+++ SUPPLIED RECORDS

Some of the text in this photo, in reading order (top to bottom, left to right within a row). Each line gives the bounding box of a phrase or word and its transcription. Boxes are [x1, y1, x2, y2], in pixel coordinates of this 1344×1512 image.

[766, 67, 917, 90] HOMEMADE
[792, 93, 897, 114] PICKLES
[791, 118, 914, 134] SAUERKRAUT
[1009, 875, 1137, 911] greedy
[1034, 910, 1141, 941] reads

++++++

Each line of the data needs to be repeated exactly.

Some of the text in this photo, in reading order (top to bottom, left to right within a row). Each line gives the bounding box of a phrase or word and its transcription. Boxes are [x1, y1, x2, y2], in pixel coordinates of this 1344×1512 image.

[766, 67, 917, 90] HOMEMADE
[792, 93, 897, 114] PICKLES
[791, 118, 914, 134] SAUERKRAUT
[1009, 875, 1137, 911] greedy
[1034, 910, 1141, 941] reads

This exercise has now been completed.